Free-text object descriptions
....................

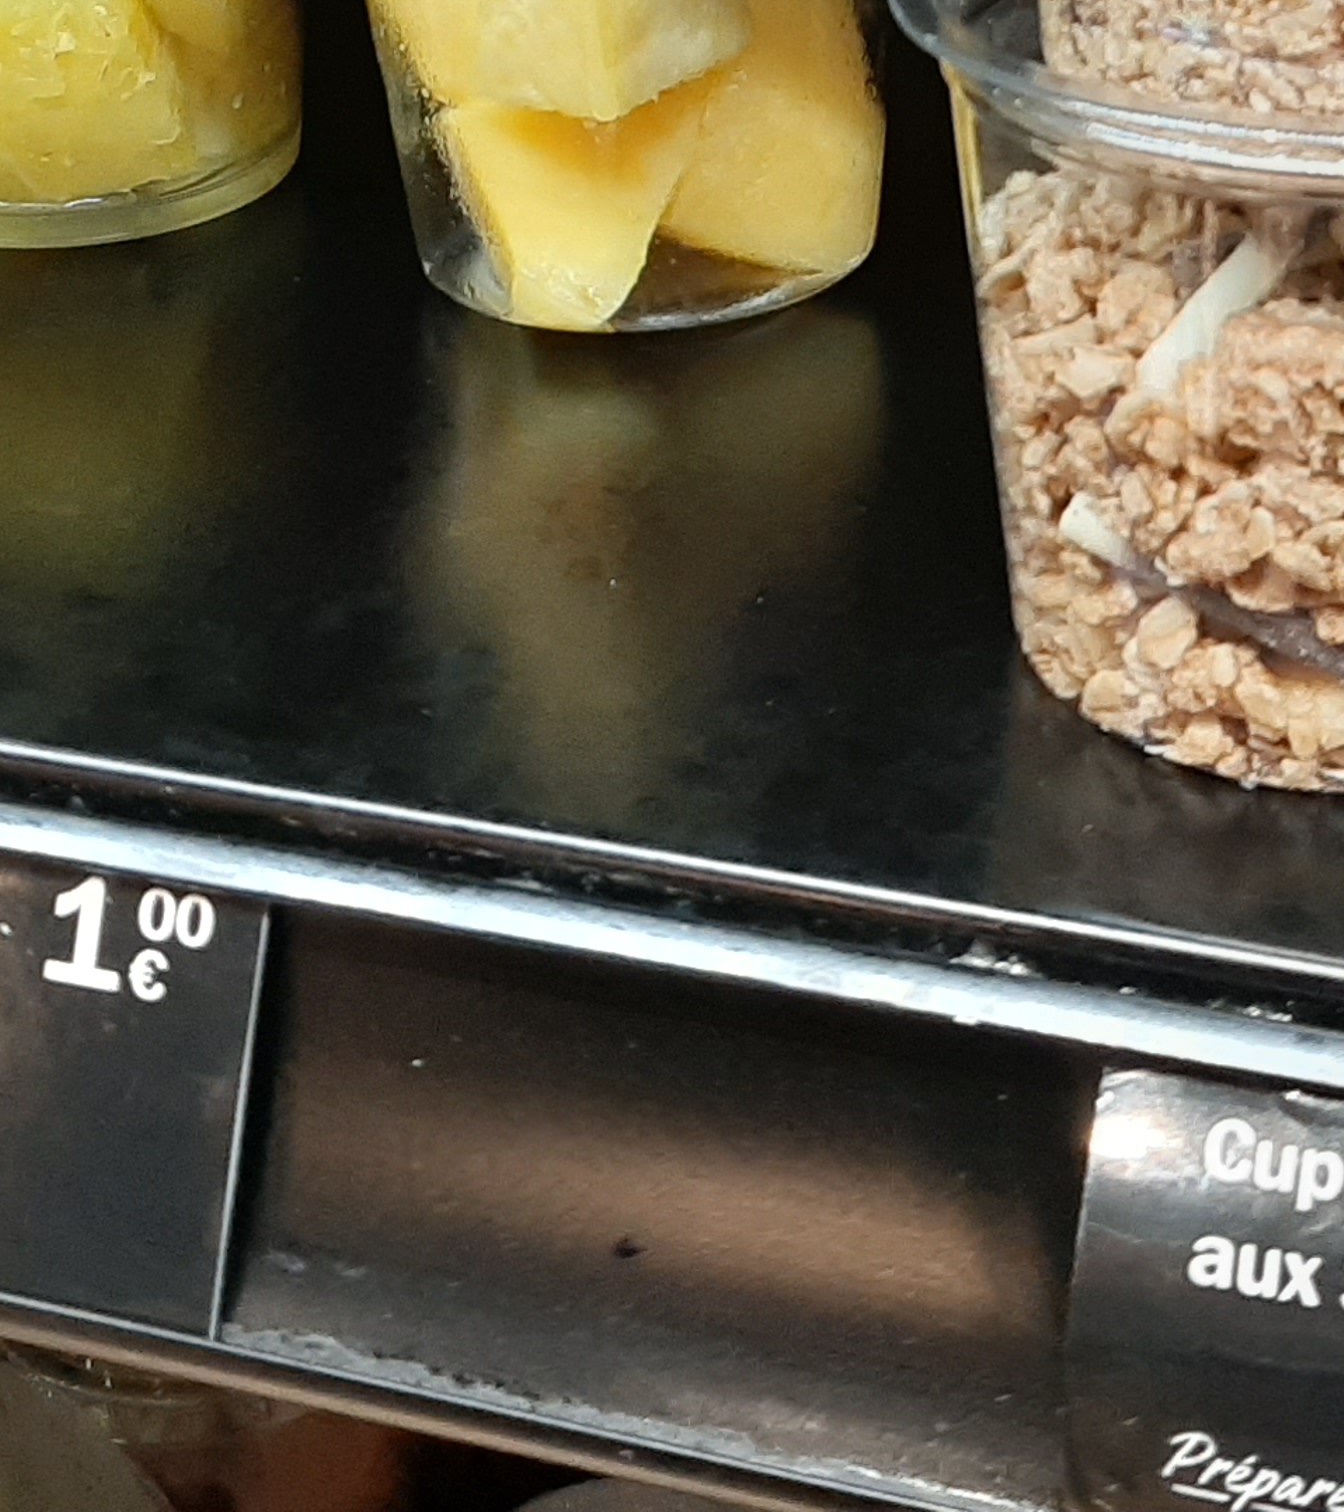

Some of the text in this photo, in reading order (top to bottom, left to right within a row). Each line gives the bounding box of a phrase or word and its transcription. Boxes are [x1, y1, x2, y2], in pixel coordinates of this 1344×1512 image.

[42, 875, 217, 1002] 1 00 €
[1204, 1117, 1344, 1210] Cup
[1187, 1234, 1324, 1308] aux
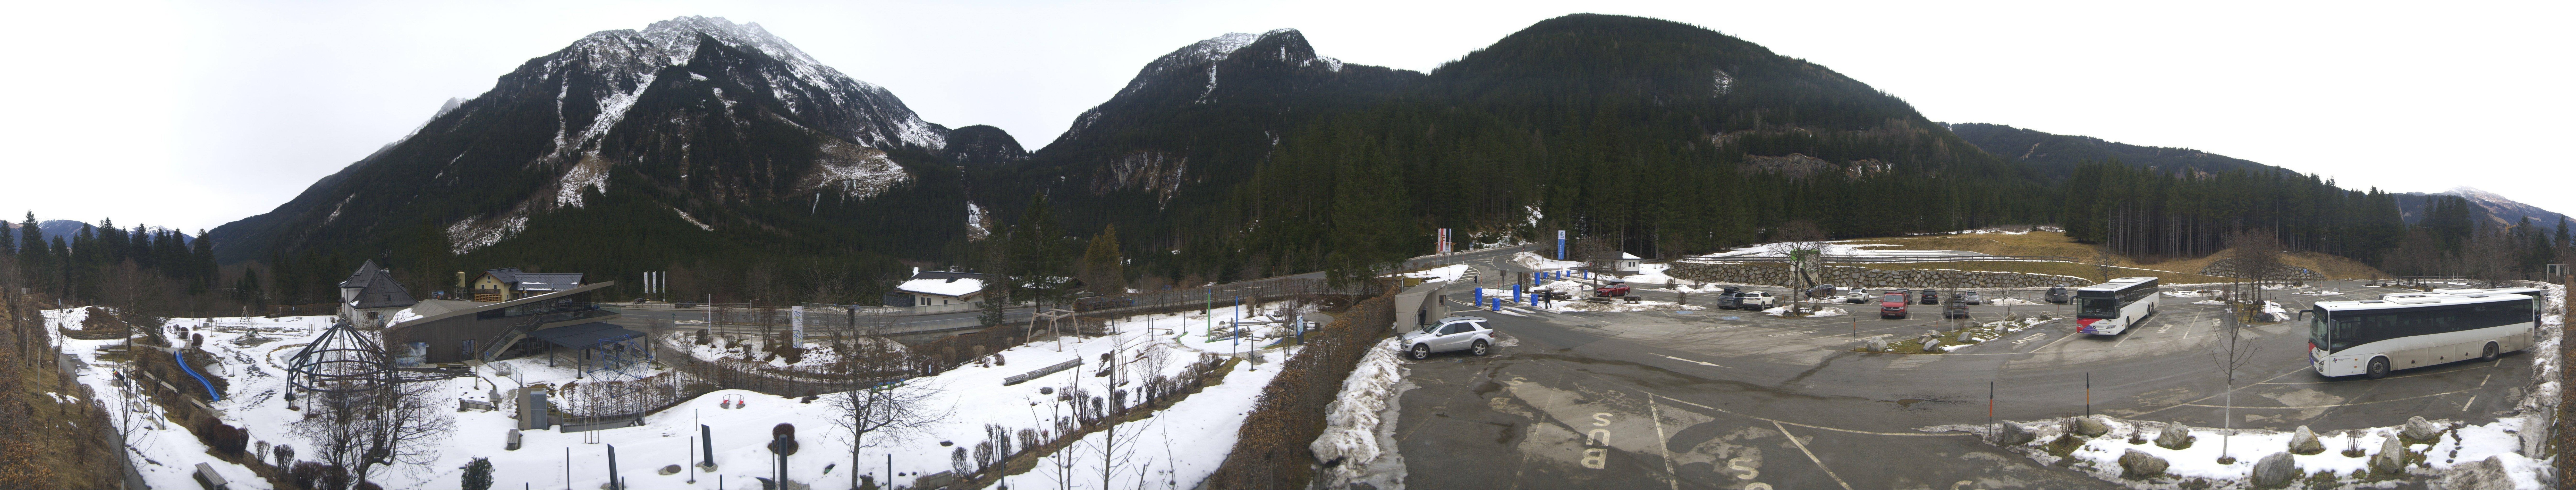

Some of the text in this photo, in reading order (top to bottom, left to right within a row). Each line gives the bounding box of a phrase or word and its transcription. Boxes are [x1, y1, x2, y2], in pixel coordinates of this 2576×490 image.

[2156, 324, 2173, 333] BUS
[2012, 333, 2046, 344] BUS
[1581, 412, 1613, 469] BUS

....................

■ WHAT THE TASK REQUIRES ■
Could you reproduce, exactly as written, the lines running from the one with "this 2576×490 image." to the end of the entries above?

■ TASK RESPONSE ■
Some of the text in this photo, in reading order (top to bottom, left to right within a row). Each line gives the bounding box of a phrase or word and its transcription. Boxes are [x1, y1, x2, y2], in pixel coordinates of this 2576×490 image.

[2156, 324, 2173, 333] BUS
[2012, 333, 2046, 344] BUS
[1581, 412, 1613, 469] BUS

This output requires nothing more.